SADA Logo File photo

Wed, 4 May 2016 Source: GNA

The Savannah Accelerated Development Authority (SADA) is to partner with the Bolgatanga Polytechnic to train and equip students with the requisite skills and attitudes to meet the demands of industries.

The Chief Executive Officer (CEO) of SADA, Mr Charles Abugre, who was the Guest of Honour at the Fifth Matriculation of the Bolgatanga Polytechnic, who announced this, said other Polytechnics in the SADA region would also benefit from the partnership.

The partnership, the CEO said, could also accelerate the transformational development of the Northern Ecological Zones, which was very critical to the nation’s development.
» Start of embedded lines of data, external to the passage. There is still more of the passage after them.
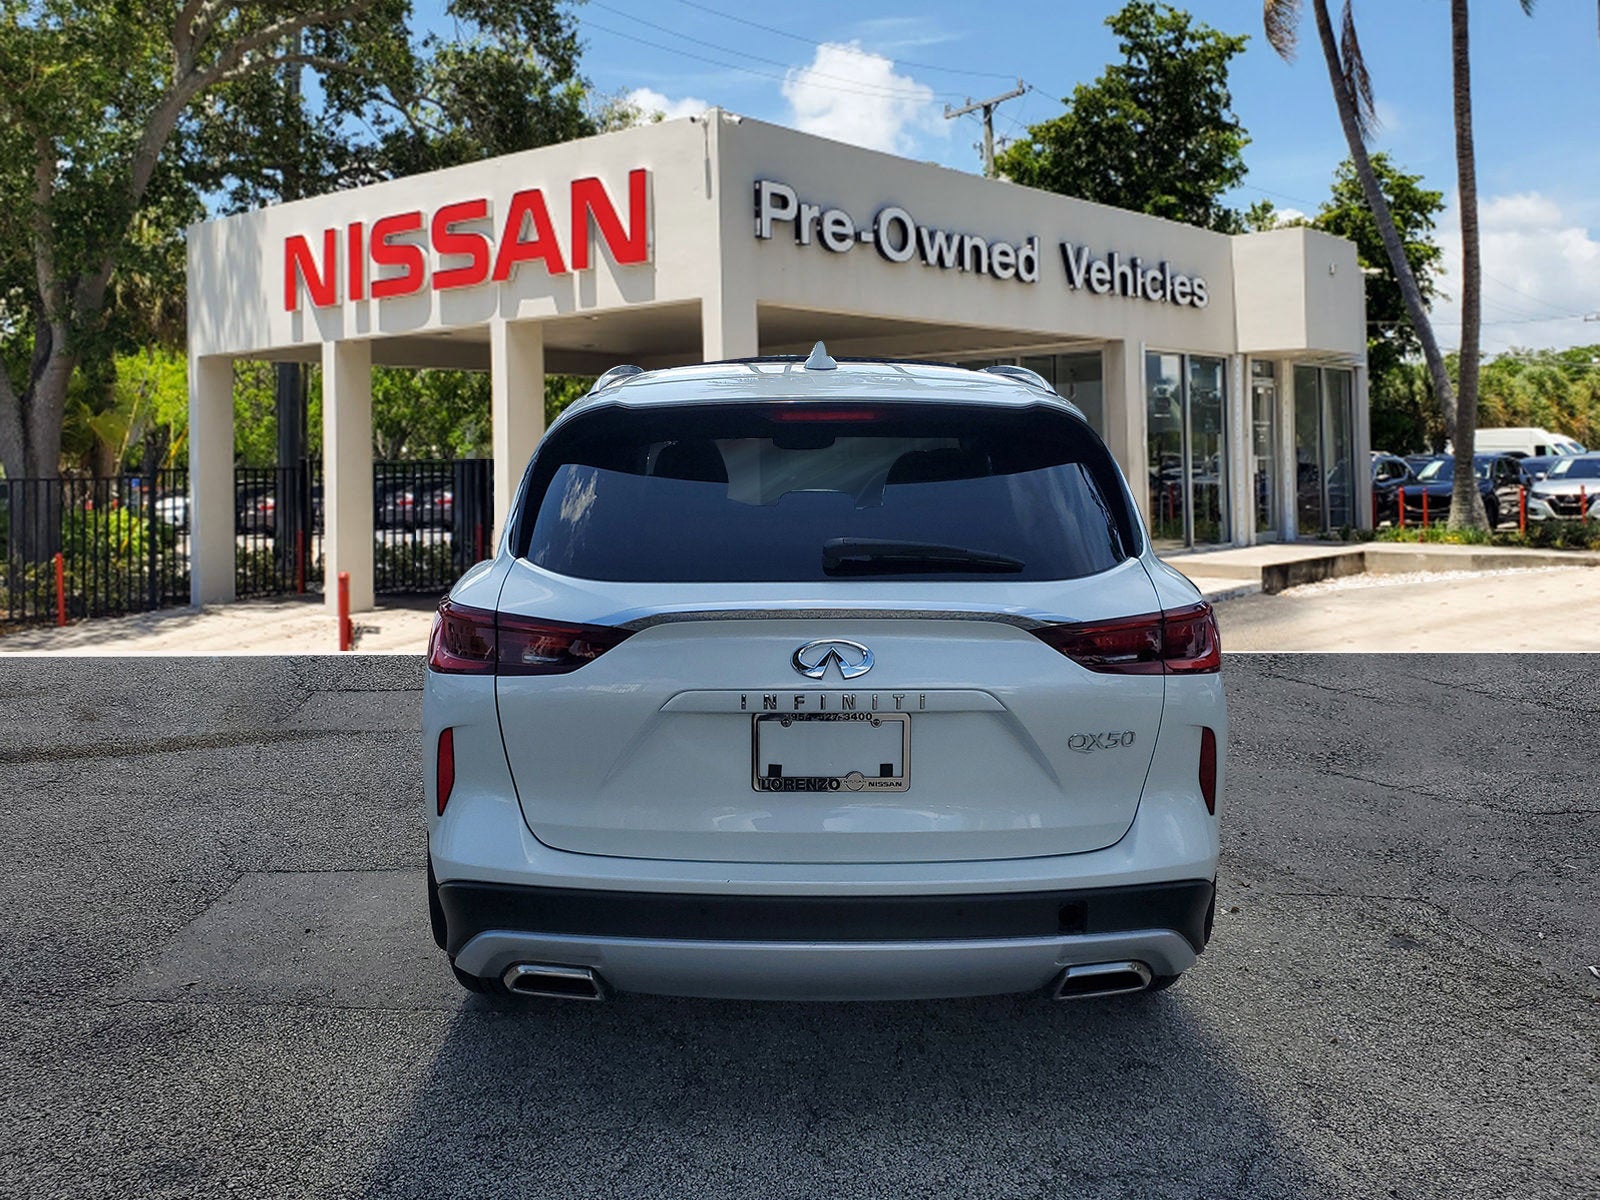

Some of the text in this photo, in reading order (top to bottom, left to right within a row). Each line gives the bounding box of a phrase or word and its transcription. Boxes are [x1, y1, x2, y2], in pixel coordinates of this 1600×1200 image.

[285, 168, 648, 312] NISSAN
[754, 180, 1209, 309] Pre-Owned Vehicles
[740, 693, 926, 711] INFINITI
[1067, 730, 1137, 754] QX50
[760, 778, 841, 791] LORENZO
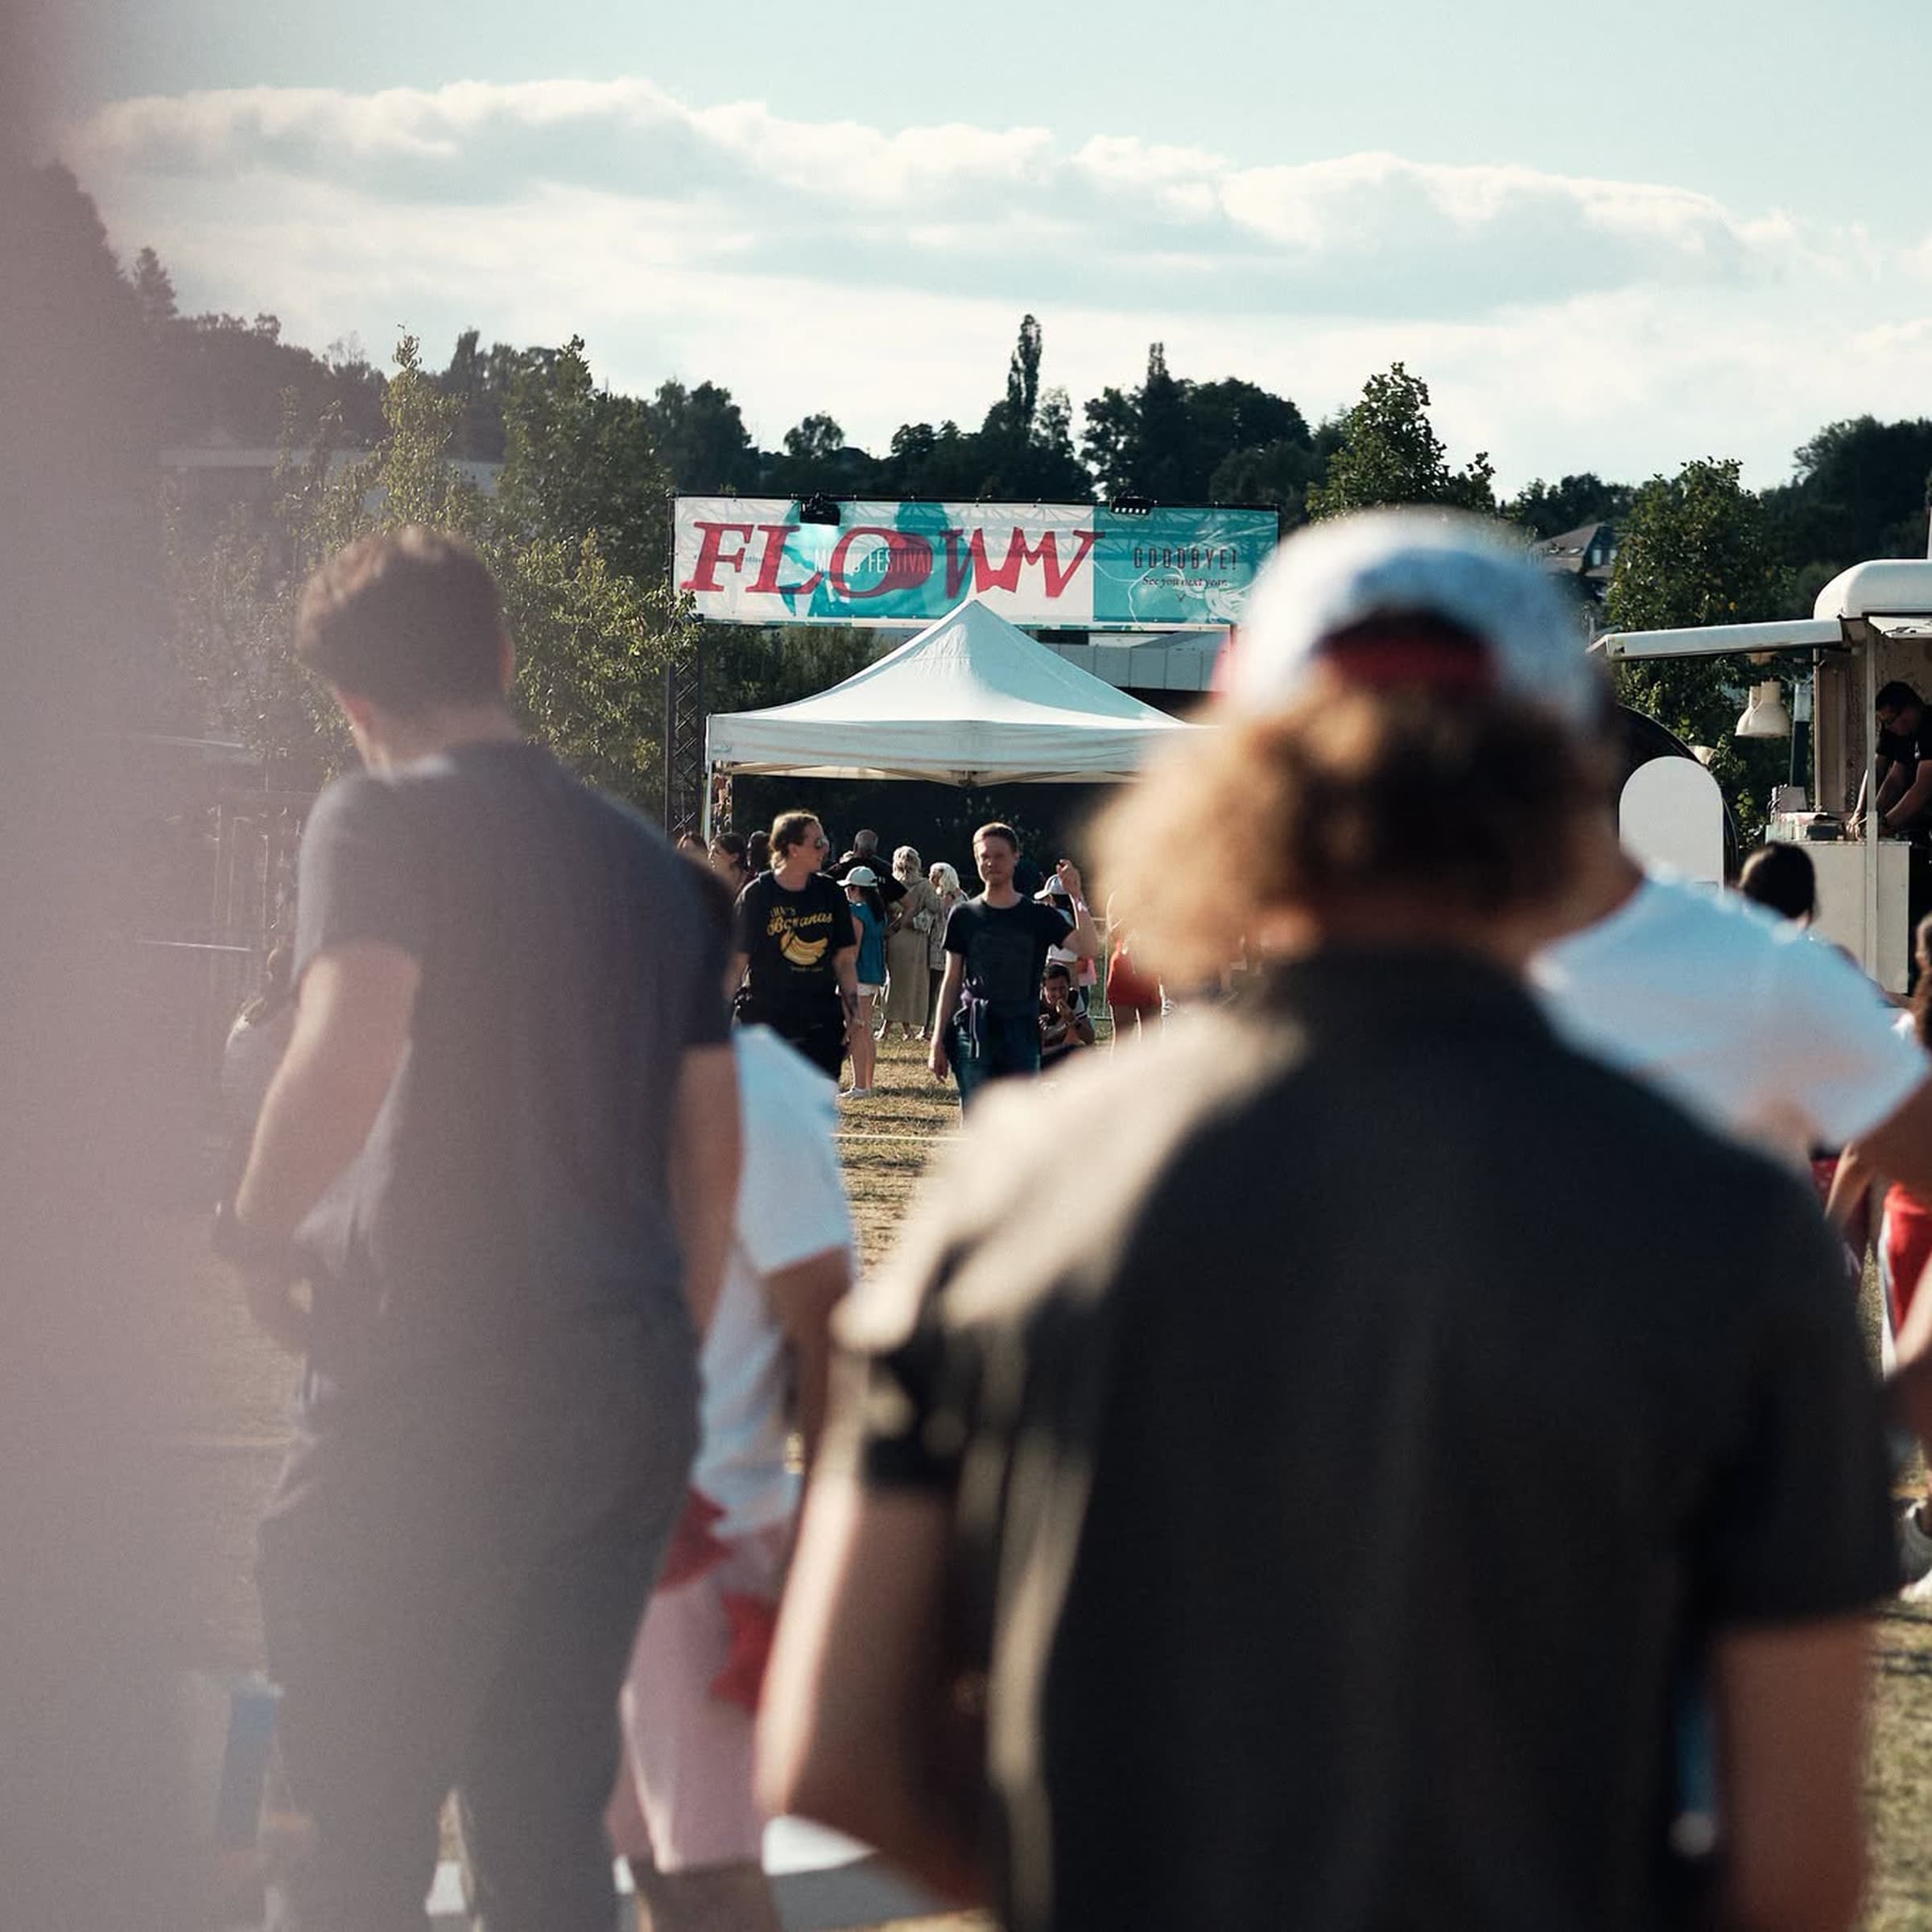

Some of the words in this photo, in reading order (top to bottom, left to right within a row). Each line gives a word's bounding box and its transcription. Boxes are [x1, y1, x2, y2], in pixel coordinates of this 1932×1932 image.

[868, 548, 934, 574] FESTIVAL
[1133, 547, 1237, 571] GOODBYE!
[1141, 575, 1159, 586] See
[1161, 577, 1180, 588] you
[1181, 577, 1203, 587] next
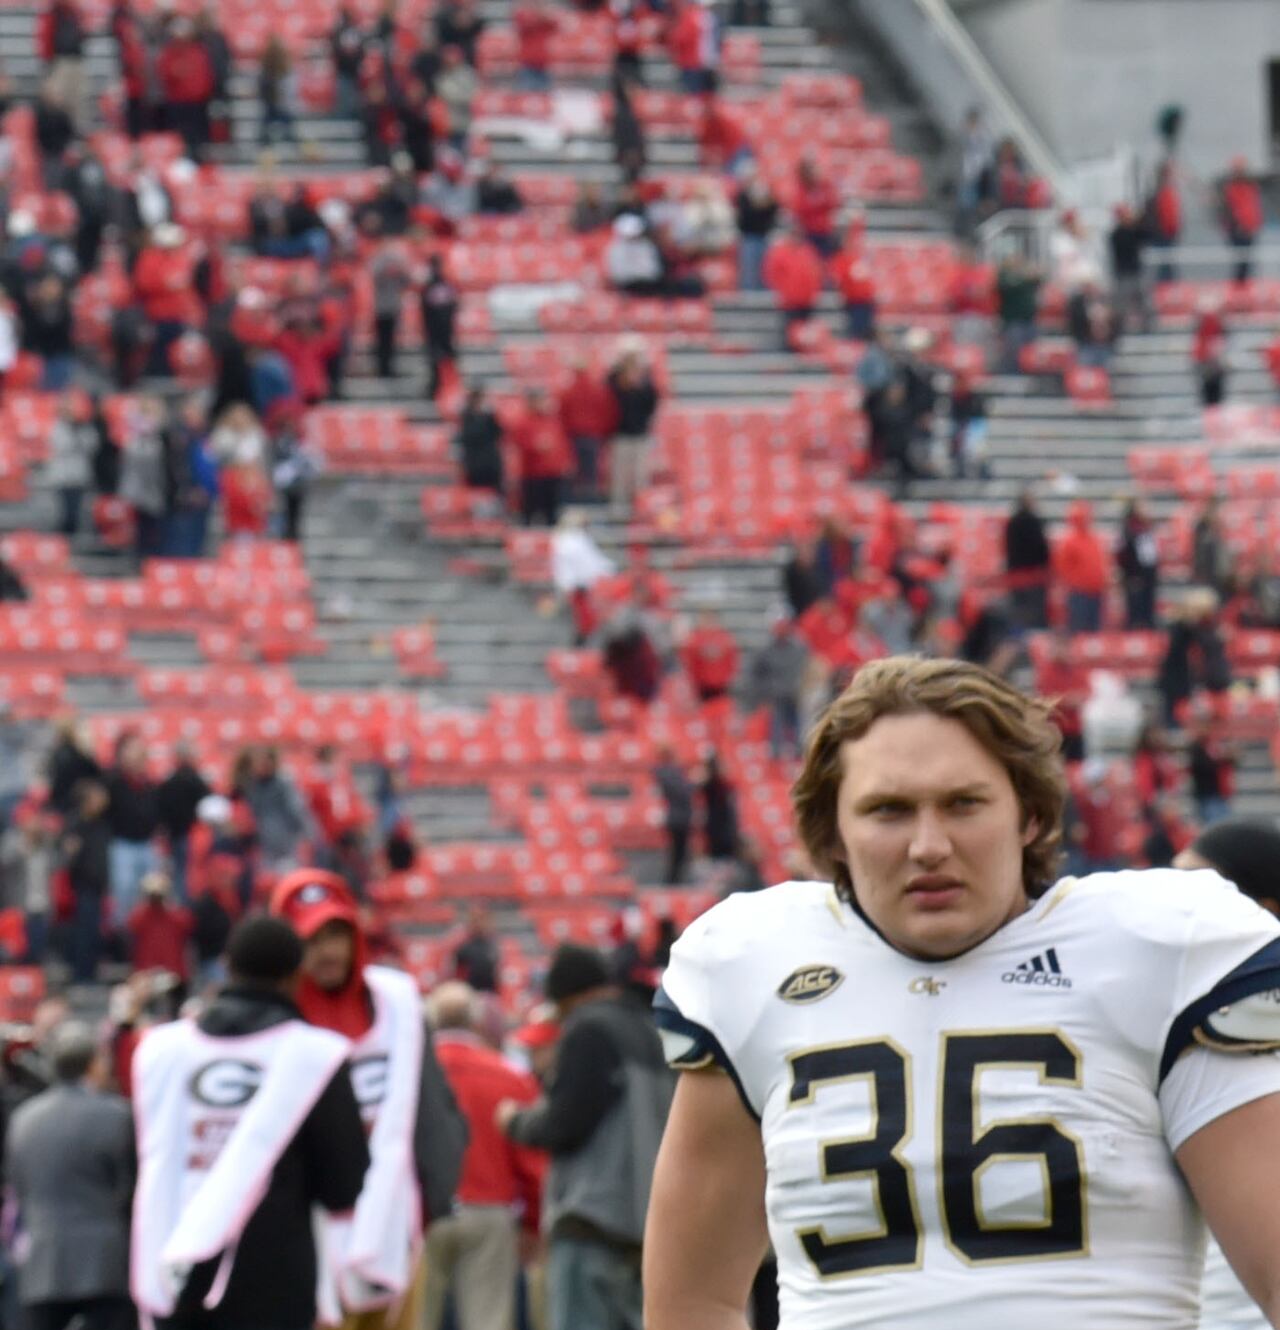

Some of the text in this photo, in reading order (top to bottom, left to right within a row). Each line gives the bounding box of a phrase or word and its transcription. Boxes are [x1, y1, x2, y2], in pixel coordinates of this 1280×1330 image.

He said one of the possible areas SADA and the Polytechnics could start with, could be to commission a research of joint interests that would solve practical problems and present sustainable solutions for the development of agriculture and agro-business, manufacturing, housing, and tourism.

The CEO said Technical and Engineering vocations were pillars of development and SADA and the Polytechnics could explore the possibility of exchange programmes with students and lecturers in countries such as Germany, China, Israel and Brazil, which were more advanced in such programmes.

“We could also investigate the possibility of developing graduate entrepreneurship programmes for post- national service personnel to mentor and motivate them to set up their own SMEs,” he said.

“They should also explore financial options for instituting scholarship schemes for students and faculty members in critical areas, including Engineering, Urban Planning, Vocational and Technical Education among others.”

Mr Abugre said the SADA ecological zones were not poor as being perceived by some groups but they had problems with under-investments, which were being addressed by the Management.

The SADA Zones occupy 54.4 per cent of the total land space of Ghana with eight million hectares of land suitable for the cultivation of more than 20 cash crops.

It also abounded with untapped commercial quantities of energy, water, gold, limestone and quarry, iron ore and uranium.

SADA is a national programme, established in 2010, by Act 805 to fast-track the developmental gap between Northern and Southern Ghana.

Mr Abugre said despite the challenges SADA faced it should not be politicised.

He said it was too dangerous for half of Ghana to have speedy development whilst the other part stagnated.

He cited Nigeria, Kenya, Mali, Liberia and Sierra Leone as having unbalanced development, which pushed them into violence.